Compare the services and rates submitted by each competitor for best value. Be sure not to confuse true long-term value for lowest commodity price. Consider the proximity of facilities and the remote service/emergency response and support capabilities each vendor presents. Assess each bidder’s experience and core competencies in light of what you require from him. Call or visit with the bidder to clarify any ambiguity, omission or other question regarding the bid that you may have.

Finally, compare the best of the outside bids with your in-house assessment. Be sure to place a value on various intangible components of each case and make your decision. If you decide to select an outsourced proposal, inform the winner and the unsuccessful bidders in writing as a courtesy. If you should decide to remain with your proprietary operation, you also should inform the bidders in writing of your decision.

 
Implementing an Outsourced Fleet or Distribution Partnership

If you have decided to make a commitment to an outsourced partner, sit down with the sales and operating representatives of the firm and review the contract(s) and various obligations of the parties. Establish a reasonable implementation timeline and establish responsibilities. Don’t set a schedule that is beyond either party’s ability to meet. Include a reasonable cushion for unanticipated events. Further, recommendations including the following.

• Describe the disposition of all vehicles, facilities, personnel, equipment and supplies. Identify all new or used equipment that will be brought in, and verify specifications and availability. Be very sensitive to any unresolved hazardous materials liabilities in your existing facilities.
• Define the logistics of the relationship (i.e., where will thevehicle(s) be parked, serviced, fueled, etc.). Who is responsible for their movement in these processes?
• Identify the key personnel from each party who will make the process function, and who will be responsible for essential communications and adapting the process during start-up and thereafter.
• Discuss the quality management processes that will be employed for continuous improvement of the relationship and service performance.
• Establish key performance indicators that will be used to measure the partnership status and expected improvements throughout the relationship. Agree on the frequency and distribution of them.
• Define the procedures to be followed in the event that there is a problem that cannot be resolved by the key personnel from each party. Who is the individual from each party that can be approached for the appeal process.
• Agree on a schedule and method to inform all interested parties in each company as to the outsourced decision and any transitions that will be accomplished.

 
Conclusion

You’ve got a business to run. And it’s a business that serves customers with water quality products and services. That’s your reason for being in business, and you’ve sustained your business by doing it better and smarter each year.
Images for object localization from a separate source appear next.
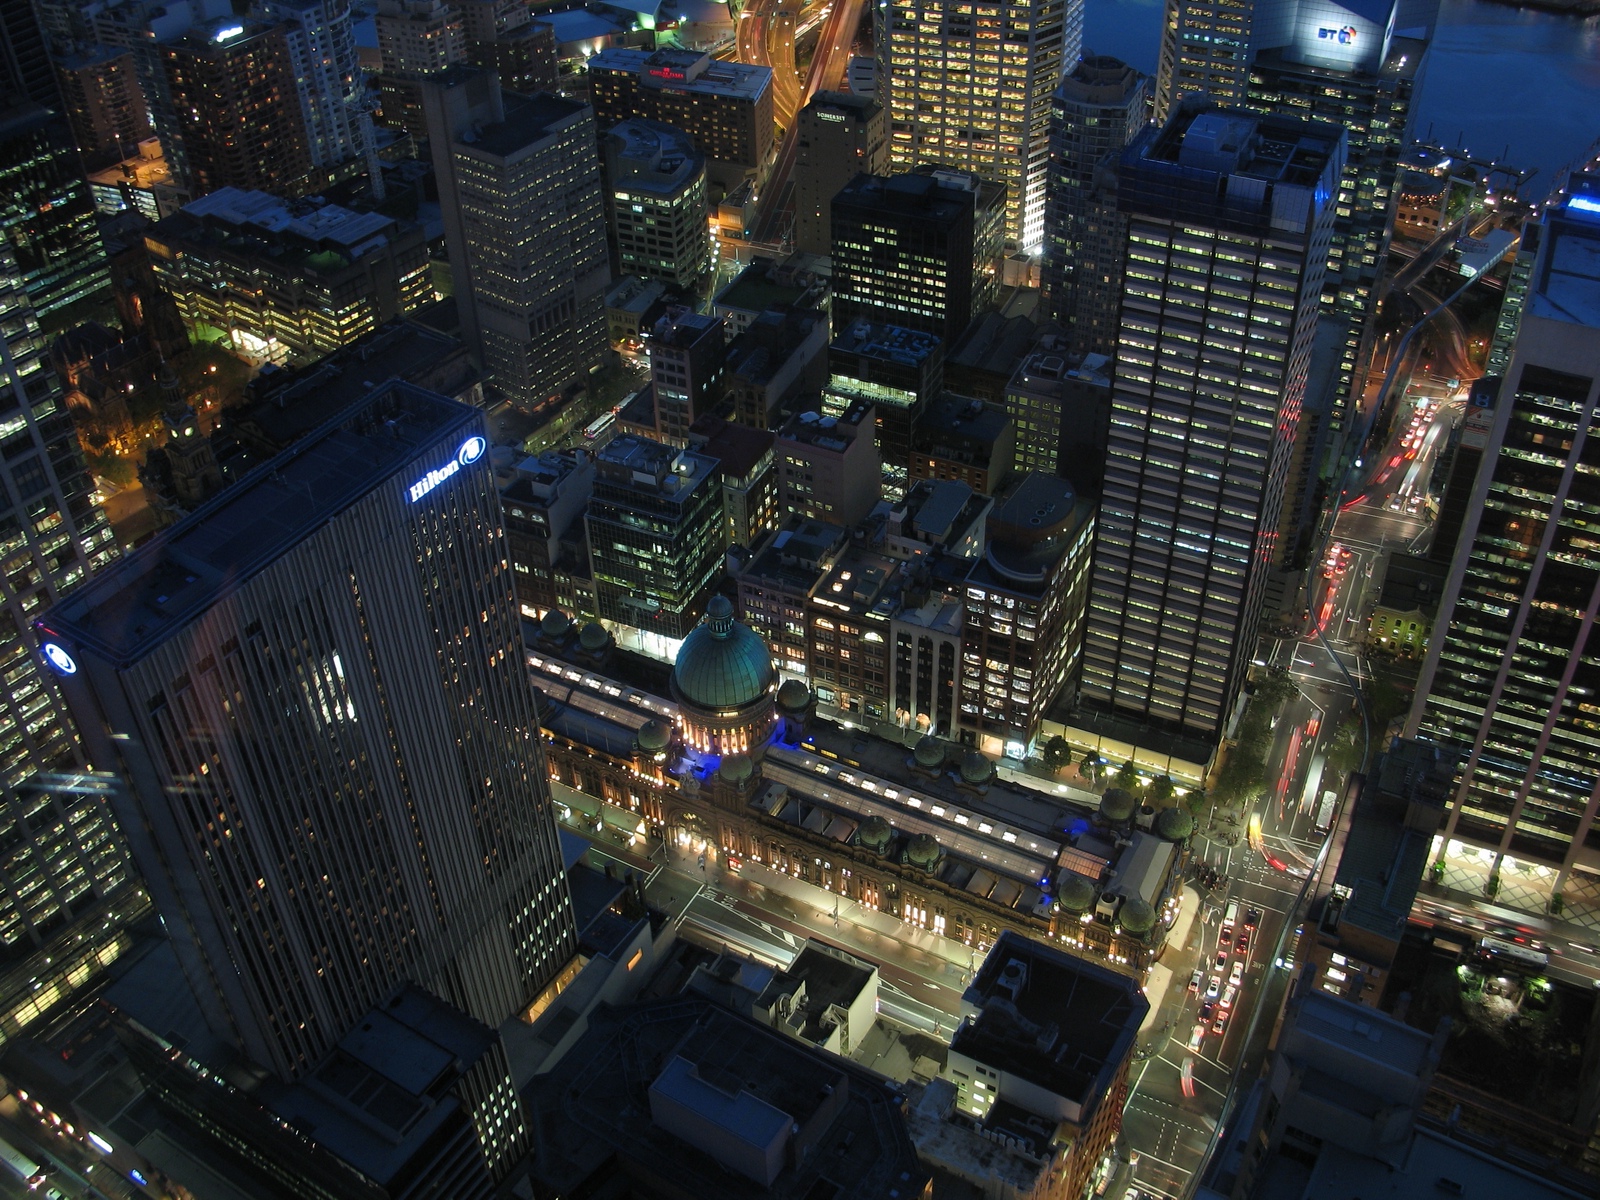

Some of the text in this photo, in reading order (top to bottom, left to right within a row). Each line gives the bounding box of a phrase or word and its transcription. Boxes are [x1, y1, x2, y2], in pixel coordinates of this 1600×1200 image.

[1318, 28, 1337, 40] BT
[816, 111, 846, 122] SOMERSET
[409, 459, 460, 503] Hilton
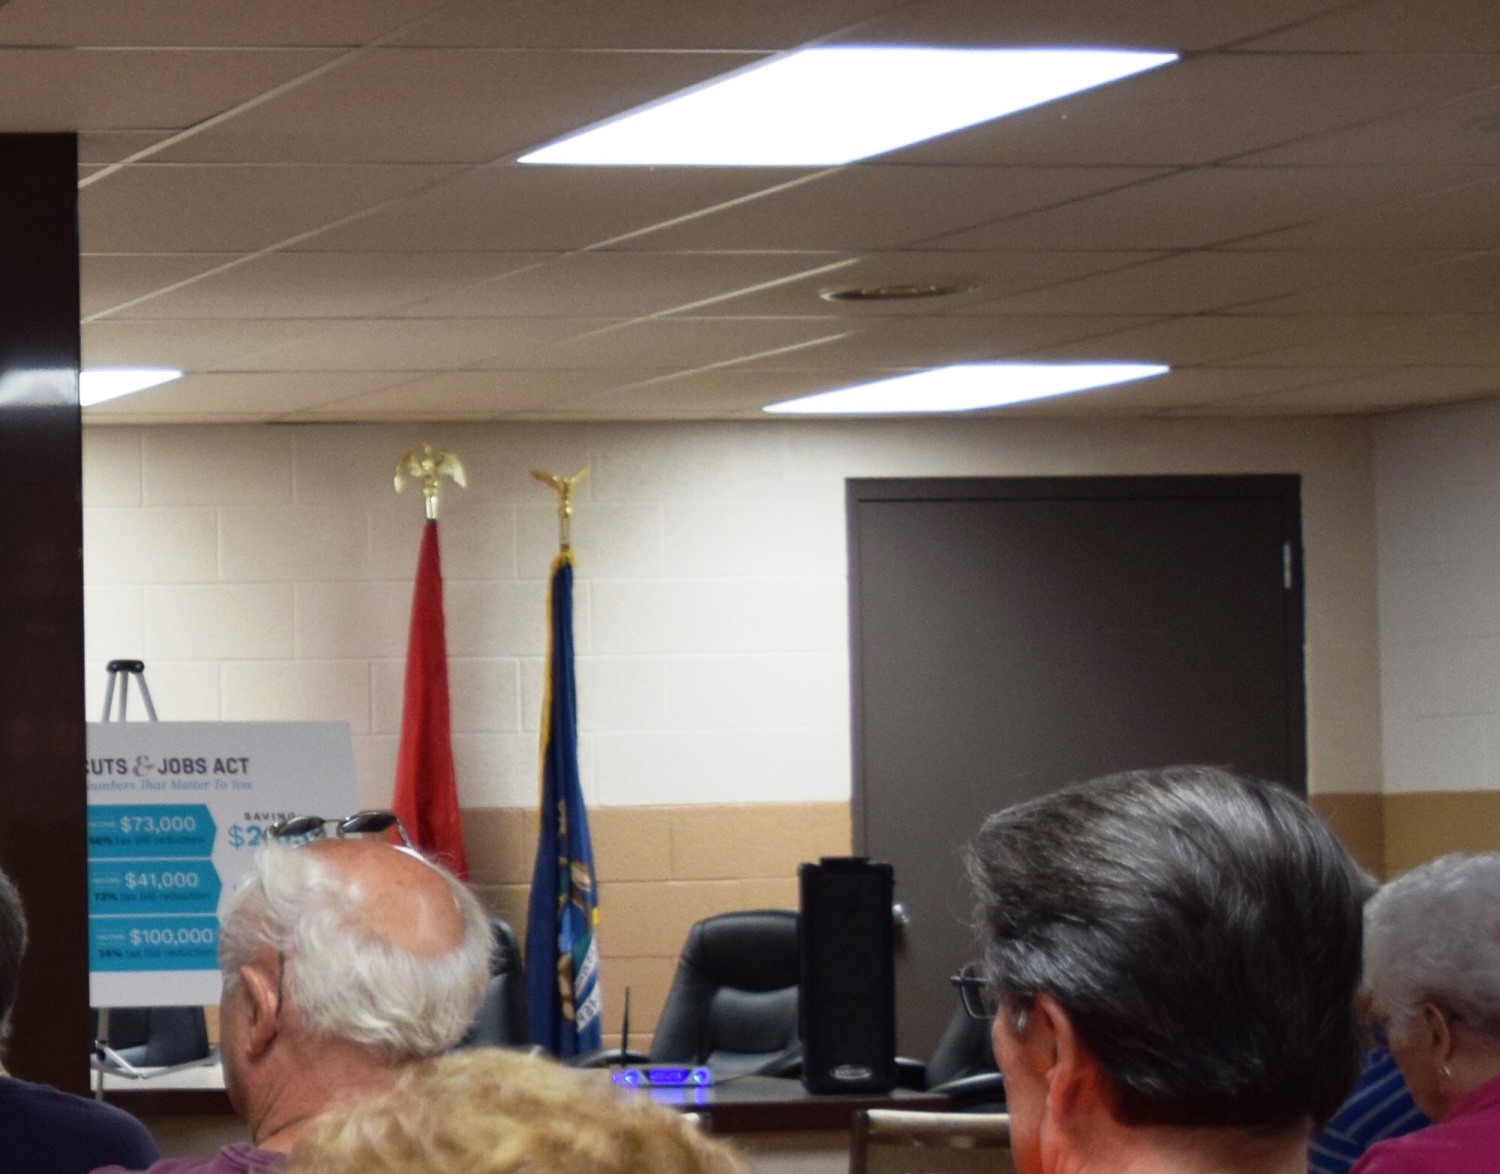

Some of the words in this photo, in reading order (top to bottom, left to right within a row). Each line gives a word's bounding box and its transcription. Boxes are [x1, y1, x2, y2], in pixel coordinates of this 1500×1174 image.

[157, 757, 207, 774] JOBS
[214, 757, 249, 774] ACT
[119, 815, 196, 833] $73,000
[124, 871, 198, 890] $41,000
[129, 927, 213, 947] $100,000
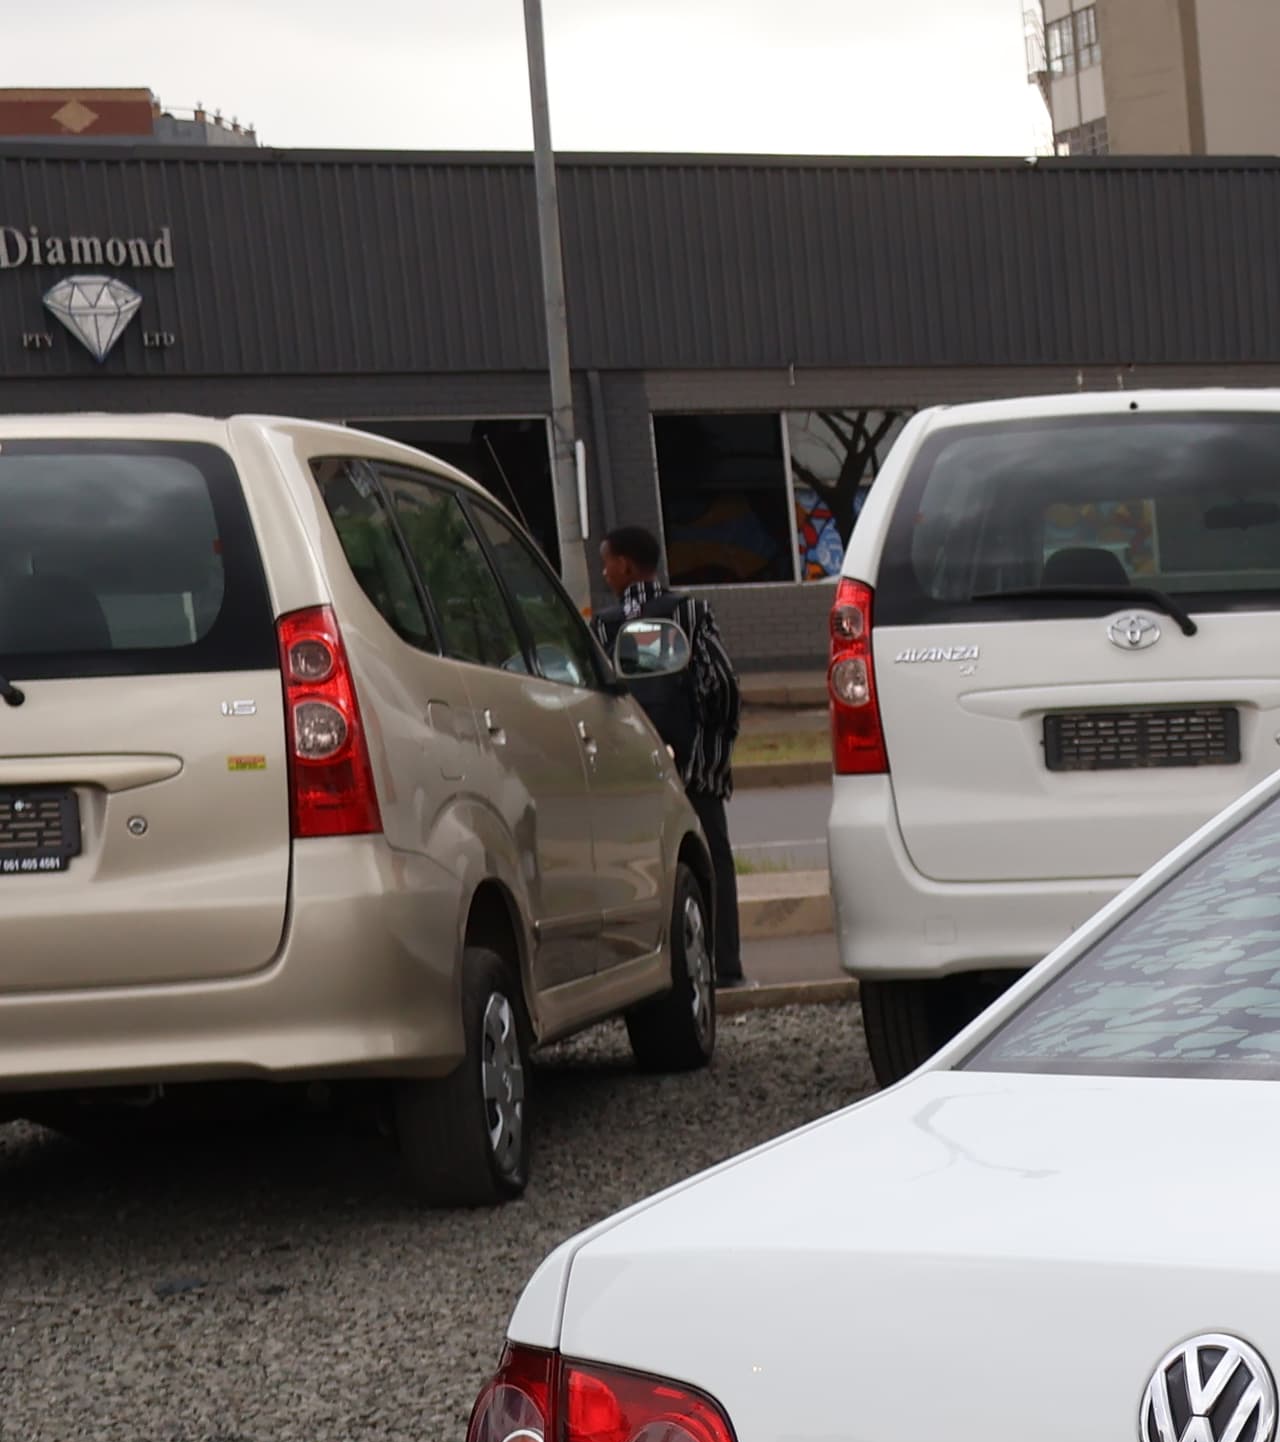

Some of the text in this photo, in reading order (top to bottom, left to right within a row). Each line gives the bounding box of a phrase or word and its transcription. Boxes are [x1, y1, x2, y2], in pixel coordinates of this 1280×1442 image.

[0, 225, 175, 269] Diamond
[22, 330, 175, 348] PTY LTD
[895, 644, 979, 663] AVANZA
[221, 700, 257, 716] 1.5
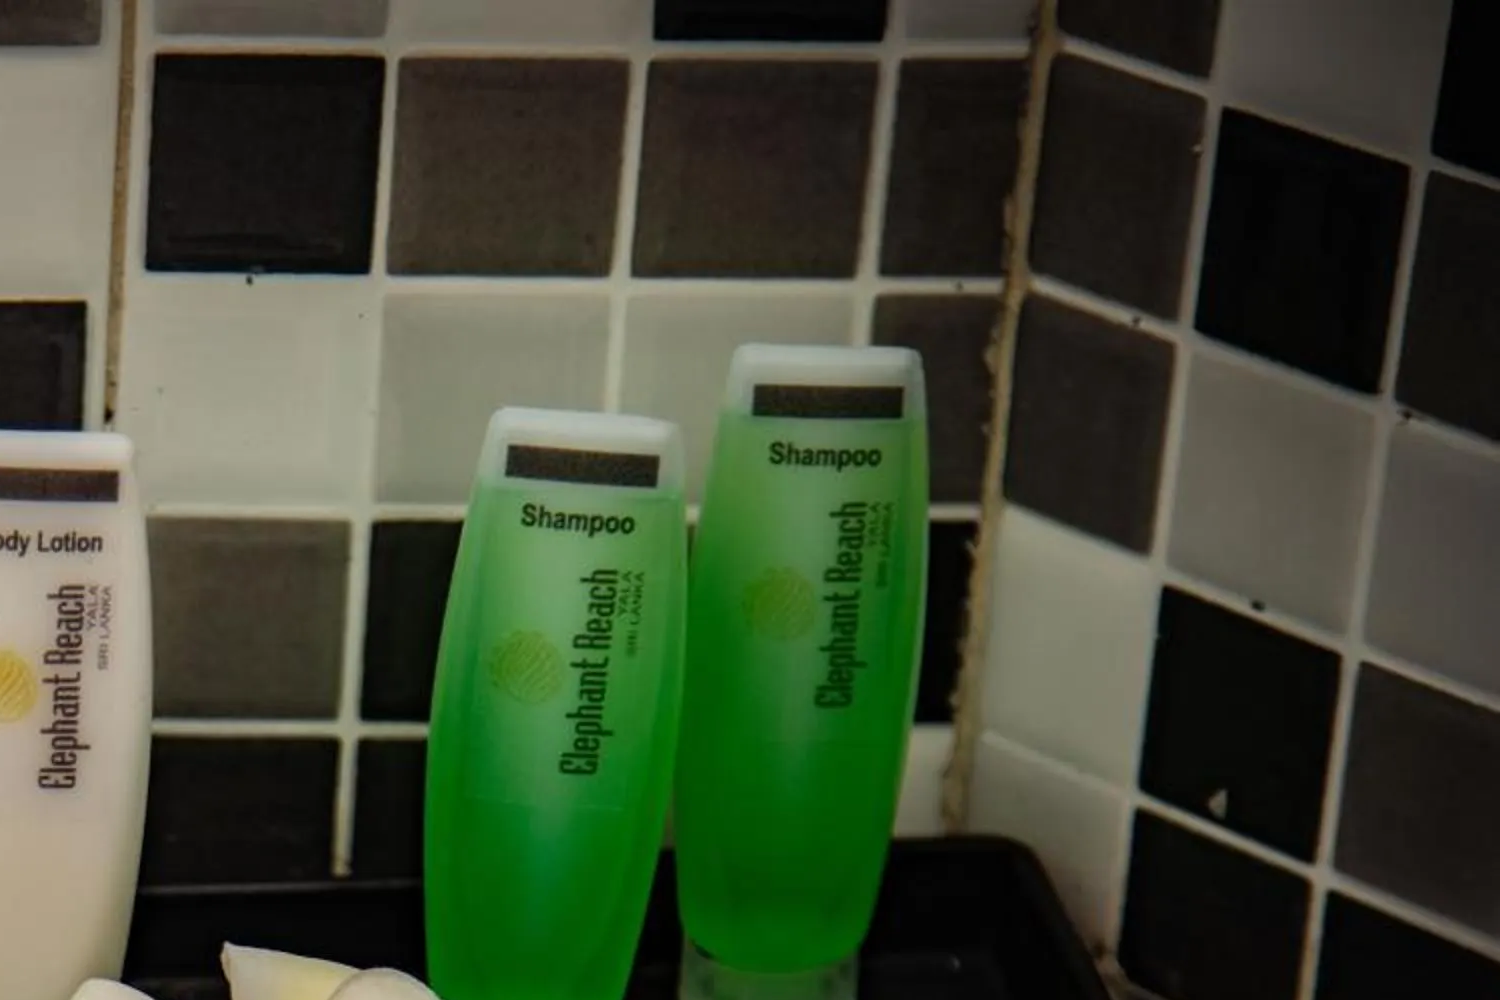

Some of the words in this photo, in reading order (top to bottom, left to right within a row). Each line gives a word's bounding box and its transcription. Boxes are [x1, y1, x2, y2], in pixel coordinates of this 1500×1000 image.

You’re not too interested in trucks or transportation–it’s a necessary evil. But consider that virtually everything you do requires a truck. A truck that can carry the product or deliver the service, efficiently and dependably. Take stock of how well your trucks perform for you and at what cost. Consider outsourced fleet and distribution alternatives as an opportunity to improve service to your customers, enhance your fleet image to prospective customers and control fleet costs. You owe it to your business future to take a serious look.

Ralph K.F. Stockmayer is the industry development manager for baking and snack foods at Penske Truck Leasing in Reading, Pa. He handles the coordination of the company’s sales efforts and unique product developments in these business sectors. He also is a certified as a transportation professional by the National Private Truck Council.